Descartes' rule of signs

The sign rule of Descartes in mathematics - similar to the Sturm sequence - used to determine the maximum number of positive and negative zeros of a real polynomial.

Rule

The sign rule of Descartes is:

An important conclusion follows:

It is named after the French philosopher and mathematician René Descartes, who has described it in 1637 in his work La Géométrie first.

Examples

Maximum number of positive zeros

In the polynomial

Changes the sign of the coefficient three times. According to Descartes thus has the polynomial f (x ) 3 positive zeros or 3 - 2 = 1 positive root.
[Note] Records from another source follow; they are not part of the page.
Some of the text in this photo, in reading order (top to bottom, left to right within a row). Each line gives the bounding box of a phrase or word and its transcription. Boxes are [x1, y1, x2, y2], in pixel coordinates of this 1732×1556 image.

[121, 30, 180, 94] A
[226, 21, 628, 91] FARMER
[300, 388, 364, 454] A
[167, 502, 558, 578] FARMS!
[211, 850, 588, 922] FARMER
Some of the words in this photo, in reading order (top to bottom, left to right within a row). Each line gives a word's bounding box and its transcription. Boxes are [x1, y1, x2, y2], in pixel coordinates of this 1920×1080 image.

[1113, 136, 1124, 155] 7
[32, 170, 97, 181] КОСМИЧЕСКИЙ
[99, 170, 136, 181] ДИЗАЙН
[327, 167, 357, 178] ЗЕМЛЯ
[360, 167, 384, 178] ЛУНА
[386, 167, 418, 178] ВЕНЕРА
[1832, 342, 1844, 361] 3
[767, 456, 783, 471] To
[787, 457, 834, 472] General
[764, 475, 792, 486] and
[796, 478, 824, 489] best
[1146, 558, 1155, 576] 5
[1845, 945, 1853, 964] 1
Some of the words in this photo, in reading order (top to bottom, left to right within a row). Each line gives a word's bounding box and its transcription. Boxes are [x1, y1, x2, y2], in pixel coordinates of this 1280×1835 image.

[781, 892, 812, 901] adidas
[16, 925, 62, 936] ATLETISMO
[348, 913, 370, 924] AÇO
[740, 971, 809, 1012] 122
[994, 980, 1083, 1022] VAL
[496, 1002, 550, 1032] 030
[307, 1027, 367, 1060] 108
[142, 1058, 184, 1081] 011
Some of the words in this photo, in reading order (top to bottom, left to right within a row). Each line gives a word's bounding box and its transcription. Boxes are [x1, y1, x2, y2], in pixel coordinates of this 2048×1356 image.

In fact, the polynomial f (x) has a positive zero.

Maximum number of negative zeros

To determine the maximum number of the negative zero points, first from the polynomial f (x) is a new polynomial f ( x ) is formed. This means that the signs of the coefficients for odd exponent be changed while the signs of the coefficients for an even exponent remain unchanged. The sign rule of Descartes is then applied to this new polynomial.

Referring again to the polynomial

That is the new polynomial

Here the sign of the coefficient changes four times. According to Descartes thus has the polynomial f (x ) is either 4, 4-2 = 2 or 4-4 = 0 negative zeros. In fact, the polynomial f (x) has no negative zero.